E così, dopo che ieri il patron di Tesla e SpaceX ha tentato di acquisire OpenAI con un’offerta da 97,4 miliardi di dollari, Sam Altman ha esternato quello che pensa di Elon Musk a Bloomberg.
Musk vs. Altman: uno scontro sempre più personale
La battaglia tra i due protagonisti dell’intelligenza artificiale non è solo una questione economica, ma anche politica. Musk, che oggi è uno degli uomini di fiducia di Donald Trump in ambito tecnologico, ha visto il tycoon repubblicano incoronare OpenAI come punto di riferimento dell’IA statunitense.

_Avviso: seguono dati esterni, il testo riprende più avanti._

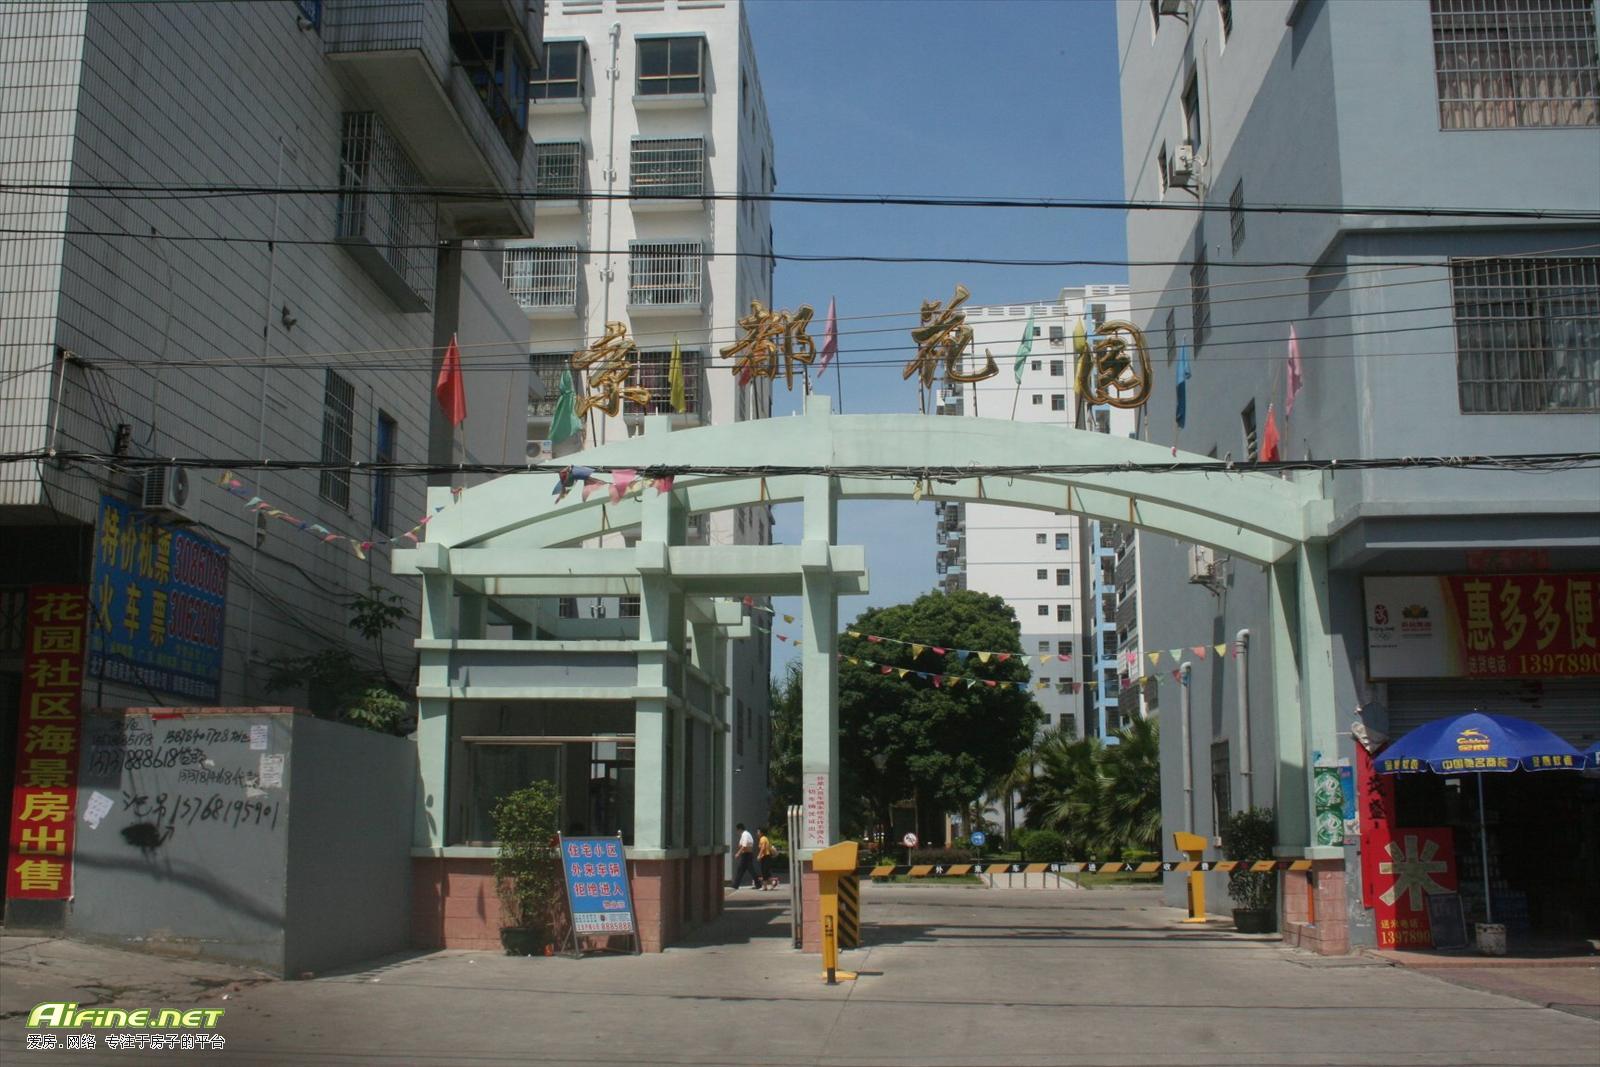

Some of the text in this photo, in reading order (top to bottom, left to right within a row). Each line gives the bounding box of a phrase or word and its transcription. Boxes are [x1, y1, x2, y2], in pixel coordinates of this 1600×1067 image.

Un riconoscimento che ha reso ancora più acuto lo scontro tra i due ex alleati che già era in corso da anni.
Nel tentativo di prendere il controllo di OpenAI, lo scrivevamo ieri, Musk ha lanciato una maxi-offerta per prendere il controllo del ramo no-profit di OpenAI, a cui fa capo quello che for-profit.
Altman ha immediatamente respinto la proposta, ironizzando con un post su X: “No grazie, ma se vuoi possiamo comprare Twitter per 9,74 miliardi di dollari”.
no thank you but we will buy twitter for $9.74 billion if you want
— Sam Altman (@sama) February 10, 2025
La risposta di Musk non si è fatta attendere. Il miliardario ha attaccato pubblicamente Altman, ribattezzandolo “Scam Altman” (un gioco di parole tra il suo nome e il termine “scam”, traducibile in “truffatore”), e pubblicando un video del 2023 in cui il CEO di OpenAI affermava di “non possedere azioni della società” e di lavorare nel settore solo per passione.
Lo potete vedere qui sotto.
Scam Altman
pic.twitter.com/j9EXIqBZ8u— Elon Musk (@elonmusk) February 10, 2025
“È insicuro, mi spiace per lui”
Altman a questo punto ha rilanciato le sue critiche a Elon Musk in un’intervista a Bloomberg, sostenendo che Musk non sia un vero acquirente ma un concorrente che tenta di frenare l’avanzata di OpenAI per favorire xAI, la sua compagnia rivale nel settore dell’intelligenza artificiale.
Secondo il CEO di OpenAI, il tentativo di acquisizione è solo l’ultima di una serie di mosse ostili da parte di Musk, che in passato ha già avviato cause legali contro l’azienda e lanciato ripetuti attacchi mediatici.
Altman ha successivamente messo in dubbio la serenità personale del suo avversario: “Tutta la sua vita si basa su una posizione di insicurezza – mi spiace per lui. Non penso che sia una persona felice”.
Alla domanda se Altman teme che Musk sfrutti la sua influenza su Trump per danneggiarlo, Altman ha quindi risposto: “Forse dovrei. Ma sono concentrato su come migliorare la nostra tecnologia.
Per dovere di cronaca osserviamo anche che in merito al fatto che OpenAI stai diventando una società for-profit, Altman ha prima negato, poi affermato di non esserne sicuro (!).
Divide et impera
La rivalità tra i due leader dell’IA si è trasformata in un duello pubblico che supera i confini del business, intrecciandosi con questioni personali, dinamiche politiche e il futuro stesso dell’intelligenza artificiale.
Uno scontro destinato a sviluppi imprevedibili, con Musk sempre più vicino a Trump e Sam Altman in continua ascesa. Il tycoon repubblicano, con una certa abilità strategica, sembra giocare su entrambi i fronti, usando l’uno come contrappeso dell’altro.
A Musk è stata affidata la gestione del DOGE, il dipartimento contro gli sprechi che sta scuotendo la USAID e l’opinione pubblica. Ad Altman, invece, la rappresentanza di Stargate, il mastodontico progetto da 500 miliardi di dollari pensato per garantire agli Stati Uniti il primato nell’intelligenza artificiale, come ha ribadito ieri il vicepresidente Vance a Parigi.
Ma, come ben si sa, due galli nello stesso pollaio non possono coesistere pacificamente. A meno che qualcuno non abbia interesse a vederli combattere.